Villacorta knows that some customers think her prices are high, but says that’s because she refuses to stint on ingredients. “I use real pistachio paste and expensive chocolate. I haven’t cut the quality of my products.”

In addition to pastries, Sucré Table has macarons ($4), cakes (from $14.50), specialty drinks (from $8.25), croissants (from $7.50) and savory items like spinach Gruyere quiche ($12.50) and one of the bestsellers, a honey caramel, bacon, smoked Gouda and egg croissant sandwich ($10.50).

Villacorata says she was drawn to making pastries because of the science involved. With savory items, varying amounts of salt or spices can alter a dish for the better. “With pastries, if you add one tablespoon of salt when it’s supposed to be a teaspoon, well, you’re not coming back from that. It keeps you on your toes.”

Like other retail establishments, Sucré Table has struggled with staffing issues. An aunt helps out when she visits from Peru, and some cousins pitch in on busy weekends. Villacorta’s father cleans, and her mother, Giovanna Castro, works in the kitchen. The minimalist space is softened by ivy, staghorn ferns and even coffee plants that Castro grows at home, then sells in decorative containers in the store. “If my mom has an opportunity for business, she’s going to take it,” Villacorta says, “and it fills the bakery up.”

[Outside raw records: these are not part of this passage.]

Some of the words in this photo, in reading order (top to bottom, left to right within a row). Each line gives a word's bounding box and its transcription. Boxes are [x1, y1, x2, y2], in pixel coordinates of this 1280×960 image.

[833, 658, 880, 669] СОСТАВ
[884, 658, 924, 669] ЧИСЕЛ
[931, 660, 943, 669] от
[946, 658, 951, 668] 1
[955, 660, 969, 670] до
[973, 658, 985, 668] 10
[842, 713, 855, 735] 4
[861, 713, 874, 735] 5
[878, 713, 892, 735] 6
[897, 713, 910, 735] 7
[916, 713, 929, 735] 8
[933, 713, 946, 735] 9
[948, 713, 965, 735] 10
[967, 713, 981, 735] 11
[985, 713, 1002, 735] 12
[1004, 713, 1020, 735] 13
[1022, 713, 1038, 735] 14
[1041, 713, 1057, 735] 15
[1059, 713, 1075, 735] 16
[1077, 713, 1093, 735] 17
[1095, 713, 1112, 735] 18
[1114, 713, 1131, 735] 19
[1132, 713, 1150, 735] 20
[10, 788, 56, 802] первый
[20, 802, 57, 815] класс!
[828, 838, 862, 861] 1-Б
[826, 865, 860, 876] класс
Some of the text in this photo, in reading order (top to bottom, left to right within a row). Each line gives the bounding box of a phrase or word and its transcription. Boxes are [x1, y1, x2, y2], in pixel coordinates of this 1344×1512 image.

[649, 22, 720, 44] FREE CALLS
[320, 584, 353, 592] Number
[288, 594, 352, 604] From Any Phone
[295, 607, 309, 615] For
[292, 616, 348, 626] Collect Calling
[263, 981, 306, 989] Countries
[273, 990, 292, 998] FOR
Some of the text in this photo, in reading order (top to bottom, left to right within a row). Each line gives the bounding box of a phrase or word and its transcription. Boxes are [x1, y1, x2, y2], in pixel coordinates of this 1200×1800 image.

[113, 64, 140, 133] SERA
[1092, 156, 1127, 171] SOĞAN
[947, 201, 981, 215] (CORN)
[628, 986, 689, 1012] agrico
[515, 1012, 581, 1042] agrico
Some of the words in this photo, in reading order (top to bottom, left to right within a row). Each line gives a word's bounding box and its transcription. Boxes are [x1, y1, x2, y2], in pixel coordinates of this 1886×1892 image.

Sucré Table has four paid employees and is looking to fill more positions. “Business is doing really, really well, it’s just a matter of how can it grow if we don’t have the correct staff,” Villacorta says. “If you think you’re just going to decorate cookies and brownies, it’s not like that. This is like New York, it’s a let’s hustle and get things done type of environment.”